In Corey, 351 Mass. at 334, we applied both of these principles when interpreting an earlier version of § 28 to require scienter.[7]  The defendant was an employee in a Boston book store who sold a book entitled “Candy” to a seventeen year old girl who asked for the book by name.  Id. at 332.  The defendant argued that he could not be convicted under § 28 without evidence that he knew of the allegedly obscene content of the book; the Commonwealth conceded that it had offered no such evidence.  Id.  According to the Commonwealth, the absence of any language in the statute requiring scienter suggested that the Legislature intended to enact a strict liability criminal statute, much like it did when it enacted a strict liability criminal statute prohibiting the sale of liquor to minors.  Id. at 333.

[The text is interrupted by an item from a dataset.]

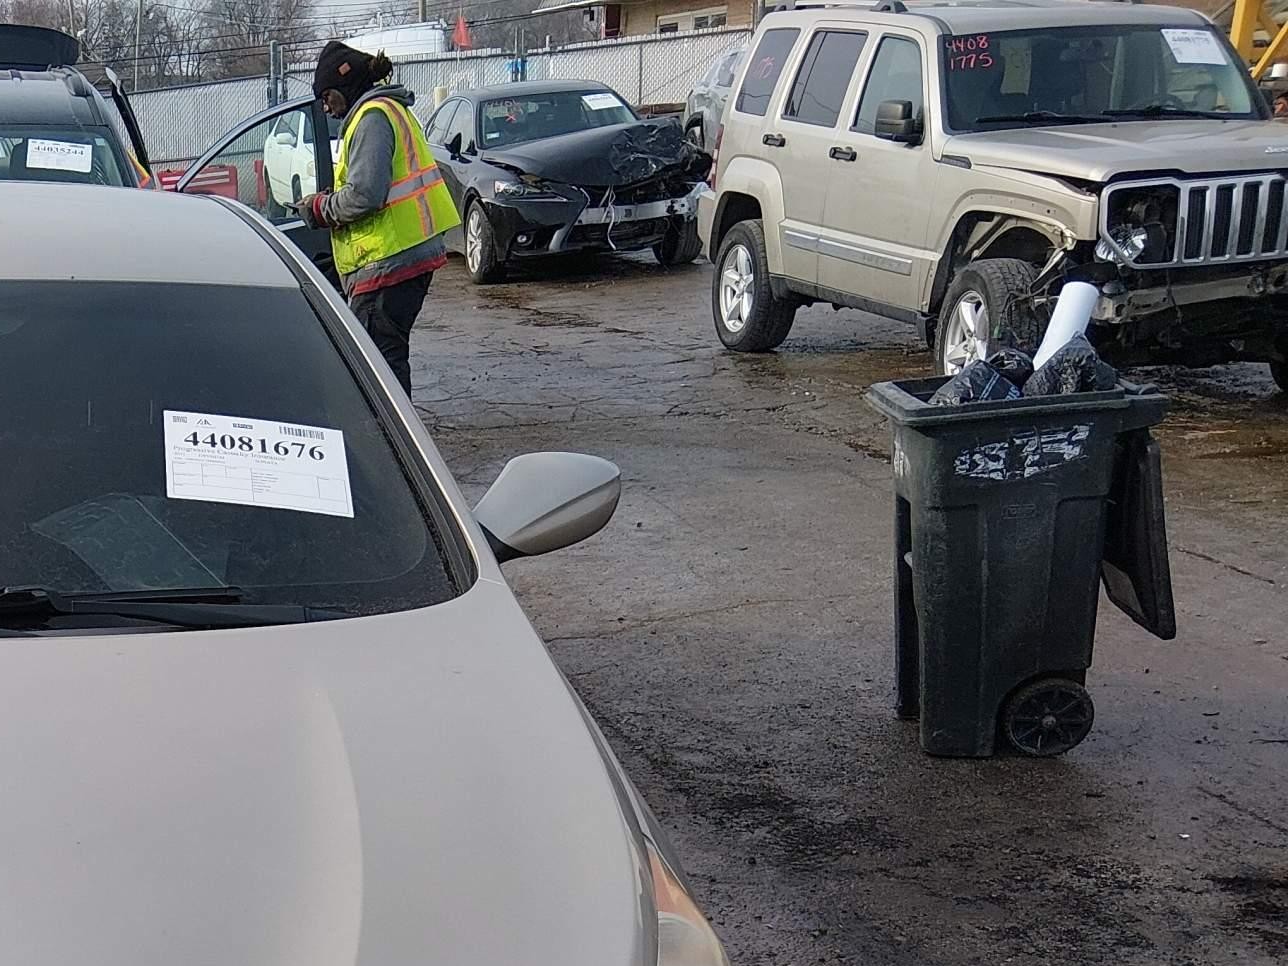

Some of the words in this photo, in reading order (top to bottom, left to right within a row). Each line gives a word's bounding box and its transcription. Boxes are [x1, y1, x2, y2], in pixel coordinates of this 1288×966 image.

We acknowledged that the Legislature had the authority in enacting criminal statutes to define criminal offenses that had no element of scienter, but also recognized that “a different situation is presented when the legislation is in an area where First Amendment rights are involved.”  Id.  Where First Amendment rights are involved, “[t]he [United States] Constitution requires proof of scienter to avoid the hazard of self-censorship of constitutionally protected material.”  Id. at 332-333, quoting Mishkin v. New York, 383 U.S. 502, 511 (1966).  Thus, if § 28 had no scienter requirement, “booksellers, unable to familiarize themselves with all the material on their shelves, would tend to restrict sales to minors to the relatively few books of which they had some knowledge of the contents or character.  The result would be an impediment to the sale to minors not only of unprotected matter but also of that which is constitutionally protected.”  Corey, supra at 334.  We held that § 28 “must be read as requiring scienter.” Id.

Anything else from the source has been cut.